This hood vent has a roof mounted exterior blower unit, a Broan EB9. What appeared to be a single nail in my first series of pictures is really a bunch of nails surrounding the perimeter of the blower unit. 

Were these used to secure the unit or re-attach shingels after the blower was installed? Don't know....

The shingle nails show a regular pattern from the inside of the interior. They penetrate the roof deck about a 1/4 inch, give or take. Close up photo below showing the pattern and the penetration.

The roof is still covered in snow so no exterior inspection yet. I am also going to check to see if I have a photo in my archive from construction showing that area of the roof.

Any comments on the new pics?

Thanks!


----------



## the roofing god (Aug 2, 2007)

the inside is only used to mark out the space on the roof that may have problems,unless you show a protrusion leaking,you can`t tell anything from the attic like that


----------



## Dragon (Aug 1, 2006)

Very nice weather this weekend & I was able to get up onto the roof to take a look at things. 

A very quick visual inspection does not appear to show any problems like obvious nails or damage to the shingles. Here are some pictures of the area in question. The leak I originally posted on occurred in the area between the skylight and the exterior mounted vent van.

Closer inspection shows bumps in the shingles. Look close; can you see the raised shingles with the slight shadow underneath? Hmmmmmm……

Now what do you think? (Closer pics in the next post)


----------



## Dragon (Aug 1, 2006)

So below are close up photos of the shingles. I lifted up the tabs where you could see a bump in the shingle and this is what I found. The pictures are from four different locations.

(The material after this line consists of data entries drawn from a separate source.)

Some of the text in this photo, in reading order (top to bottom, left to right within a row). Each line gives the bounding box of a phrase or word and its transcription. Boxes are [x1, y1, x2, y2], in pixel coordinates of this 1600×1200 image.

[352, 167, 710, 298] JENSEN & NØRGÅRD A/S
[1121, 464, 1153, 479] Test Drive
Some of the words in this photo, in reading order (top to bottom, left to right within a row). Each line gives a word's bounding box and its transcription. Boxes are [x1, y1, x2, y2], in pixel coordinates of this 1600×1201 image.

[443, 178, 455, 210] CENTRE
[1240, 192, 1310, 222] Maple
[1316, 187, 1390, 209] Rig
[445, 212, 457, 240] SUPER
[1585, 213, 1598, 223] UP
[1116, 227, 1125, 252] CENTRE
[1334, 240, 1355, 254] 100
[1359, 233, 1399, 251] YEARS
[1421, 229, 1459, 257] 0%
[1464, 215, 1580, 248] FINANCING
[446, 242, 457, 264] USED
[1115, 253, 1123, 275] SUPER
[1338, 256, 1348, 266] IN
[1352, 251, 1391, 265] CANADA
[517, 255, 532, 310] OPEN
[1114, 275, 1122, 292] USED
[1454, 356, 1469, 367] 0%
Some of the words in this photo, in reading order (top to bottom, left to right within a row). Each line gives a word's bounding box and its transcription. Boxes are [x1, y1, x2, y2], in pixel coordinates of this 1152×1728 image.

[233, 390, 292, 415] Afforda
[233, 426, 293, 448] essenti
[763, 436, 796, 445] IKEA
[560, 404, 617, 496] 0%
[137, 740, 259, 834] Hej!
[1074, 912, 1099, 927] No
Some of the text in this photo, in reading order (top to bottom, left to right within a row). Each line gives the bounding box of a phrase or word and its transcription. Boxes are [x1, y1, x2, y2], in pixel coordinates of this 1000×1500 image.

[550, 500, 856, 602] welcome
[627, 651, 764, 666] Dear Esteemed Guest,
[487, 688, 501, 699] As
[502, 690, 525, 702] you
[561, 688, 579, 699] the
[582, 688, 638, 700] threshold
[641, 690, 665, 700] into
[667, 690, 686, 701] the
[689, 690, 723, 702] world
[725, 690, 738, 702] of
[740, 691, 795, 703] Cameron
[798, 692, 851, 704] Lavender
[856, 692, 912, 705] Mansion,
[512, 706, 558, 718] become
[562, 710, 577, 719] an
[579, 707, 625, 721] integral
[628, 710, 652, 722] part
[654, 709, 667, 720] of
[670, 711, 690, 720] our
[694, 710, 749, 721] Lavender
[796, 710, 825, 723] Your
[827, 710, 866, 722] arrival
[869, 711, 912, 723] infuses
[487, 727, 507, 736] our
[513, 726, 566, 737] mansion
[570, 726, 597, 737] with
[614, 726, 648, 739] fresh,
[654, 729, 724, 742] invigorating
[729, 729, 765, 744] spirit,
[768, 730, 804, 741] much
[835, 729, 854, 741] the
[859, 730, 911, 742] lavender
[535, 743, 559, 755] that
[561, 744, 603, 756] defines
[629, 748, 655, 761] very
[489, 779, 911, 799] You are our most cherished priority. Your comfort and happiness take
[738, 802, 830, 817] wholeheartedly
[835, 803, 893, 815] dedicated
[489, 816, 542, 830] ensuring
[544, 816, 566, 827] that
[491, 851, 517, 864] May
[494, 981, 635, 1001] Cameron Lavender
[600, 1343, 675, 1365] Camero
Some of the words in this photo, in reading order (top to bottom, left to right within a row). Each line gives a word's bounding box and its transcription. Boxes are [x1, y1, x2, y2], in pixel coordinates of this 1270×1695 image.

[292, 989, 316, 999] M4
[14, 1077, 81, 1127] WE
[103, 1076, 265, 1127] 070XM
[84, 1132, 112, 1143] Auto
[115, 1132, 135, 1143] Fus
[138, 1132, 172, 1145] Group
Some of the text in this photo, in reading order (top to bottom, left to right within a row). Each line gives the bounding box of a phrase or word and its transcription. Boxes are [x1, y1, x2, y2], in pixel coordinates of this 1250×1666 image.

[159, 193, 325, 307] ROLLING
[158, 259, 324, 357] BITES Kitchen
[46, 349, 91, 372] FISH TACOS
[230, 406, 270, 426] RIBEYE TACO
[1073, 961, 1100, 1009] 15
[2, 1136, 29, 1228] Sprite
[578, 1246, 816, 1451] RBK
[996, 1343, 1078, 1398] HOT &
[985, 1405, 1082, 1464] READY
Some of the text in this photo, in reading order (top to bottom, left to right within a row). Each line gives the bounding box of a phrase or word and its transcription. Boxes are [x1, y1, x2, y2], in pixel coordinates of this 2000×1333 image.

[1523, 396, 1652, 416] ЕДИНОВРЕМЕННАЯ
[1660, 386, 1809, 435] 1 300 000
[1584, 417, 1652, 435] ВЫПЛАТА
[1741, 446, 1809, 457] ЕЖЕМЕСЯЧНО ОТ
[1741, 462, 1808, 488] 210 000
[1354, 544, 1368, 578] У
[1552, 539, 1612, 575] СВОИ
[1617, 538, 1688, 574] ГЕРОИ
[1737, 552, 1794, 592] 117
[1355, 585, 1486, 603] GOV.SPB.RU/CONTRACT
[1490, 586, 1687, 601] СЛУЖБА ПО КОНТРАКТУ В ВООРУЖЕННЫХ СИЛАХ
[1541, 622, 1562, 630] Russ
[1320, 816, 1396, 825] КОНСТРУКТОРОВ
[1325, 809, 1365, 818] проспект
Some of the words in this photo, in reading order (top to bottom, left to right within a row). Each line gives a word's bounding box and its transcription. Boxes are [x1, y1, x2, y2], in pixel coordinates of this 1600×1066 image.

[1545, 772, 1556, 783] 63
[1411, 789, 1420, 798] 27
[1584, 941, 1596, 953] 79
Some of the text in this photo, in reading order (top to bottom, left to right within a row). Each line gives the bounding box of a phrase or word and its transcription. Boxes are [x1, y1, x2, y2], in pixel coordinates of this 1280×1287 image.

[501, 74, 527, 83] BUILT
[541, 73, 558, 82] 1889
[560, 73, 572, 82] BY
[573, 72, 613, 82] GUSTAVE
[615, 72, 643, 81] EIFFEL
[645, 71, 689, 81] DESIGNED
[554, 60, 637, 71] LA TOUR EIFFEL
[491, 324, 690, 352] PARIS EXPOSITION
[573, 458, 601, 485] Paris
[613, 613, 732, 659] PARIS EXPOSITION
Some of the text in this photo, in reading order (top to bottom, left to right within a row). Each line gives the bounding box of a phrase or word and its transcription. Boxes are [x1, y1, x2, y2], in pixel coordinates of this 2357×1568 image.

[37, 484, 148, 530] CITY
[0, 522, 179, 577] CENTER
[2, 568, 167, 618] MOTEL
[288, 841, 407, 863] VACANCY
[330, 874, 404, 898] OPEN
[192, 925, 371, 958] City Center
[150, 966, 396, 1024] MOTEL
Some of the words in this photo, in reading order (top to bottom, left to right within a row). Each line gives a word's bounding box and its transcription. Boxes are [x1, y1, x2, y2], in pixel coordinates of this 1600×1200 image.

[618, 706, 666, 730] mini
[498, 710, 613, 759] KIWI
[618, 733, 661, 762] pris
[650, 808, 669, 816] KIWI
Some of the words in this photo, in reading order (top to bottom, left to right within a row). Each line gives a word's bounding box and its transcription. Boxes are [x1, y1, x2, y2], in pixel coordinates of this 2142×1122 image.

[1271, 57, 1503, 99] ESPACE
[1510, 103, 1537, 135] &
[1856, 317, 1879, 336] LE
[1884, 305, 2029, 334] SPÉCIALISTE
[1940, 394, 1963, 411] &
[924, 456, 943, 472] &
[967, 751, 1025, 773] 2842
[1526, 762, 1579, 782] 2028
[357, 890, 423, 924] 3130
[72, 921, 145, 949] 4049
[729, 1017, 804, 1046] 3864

The nails are not set flush & it is not just the area in question. The photos in the previous post showing the shadows under the shingle was taken further down from where the leak occurd. I'd guess the bad nails occur every 2-5 feet across the entire roof.

What is your opinion that the raised head allowed the water to penetrate through?

How do these improperly set nails affect my shingle warranty?

As always your feedback & recommendations are greatly appreciated.


----------



## the roofing god (Aug 2, 2007)

That`s horrible ,all of those nails will push thru the shingles when they get hot in summer,they also should be inside the double white lines you see,Knock `em all down,and add more where they`re not in the lines,be careful not to put any nails within 6" of the seams


----------



## Dragon (Aug 1, 2006)

Seeing that this roof was installed almost 2 years ago what are the odds the builder and or roofing sub would be inclined to come out and address this?

It also appears that this will affect the warranty on the shingles themselves due to improper installation. Should this be the avenue I use to approach the builder with?

For those of you that are GC's & contractors, how would you want to be approached by a former client regarding this & how would you react?

Some searches online indicate that just pounding down the nails is not the best idea. IE hammer damage to the shingles trying to get the nail properly flush, etc.

What can I expect as possible solutions offered buy the builder/sub?

Thanks...


----------



## Ed the Roofer (Jan 27, 2007)

Dragon said:


> Seeing that this roof was installed almost 2 years ago what are the odds the builder and or roofing sub would be inclined to come out and address this?
> 
> It also appears that this will affect the warranty on the shingles themselves due to improper installation. Should this be the avenue I use to approach the builder with?
> 
> ...


The Builder and the New Construction (cough-cough) Roofing Contractor typically only have a One Year Warranty.

But, most people are unaware that the time periiod gets extended for certain issues, which I believe that this would fall under that logic.

You would have to Lift the tabs before nailing the unseated roofing nails flush to the shingle surface.

Lift up a good amount of tabs and see how many tabs are similarly affected and take photos.

You can get that Kids sidewalk chalk, which will wash off, to write numbers on top of the shingles.

Show all of those numbers and affected shingles in a written report to the builder, who did not follow up to see if his roofer did the job per spec.

Ed


----------



## Dragon (Aug 1, 2006)

An update is overdue on this thread so here it is. Grab a cup as it is lengthy.

After the first leak described in the preceding part of this thread we had another leak. This time the water started coming out of the ceiling fan in our half bath at a pretty steady rate.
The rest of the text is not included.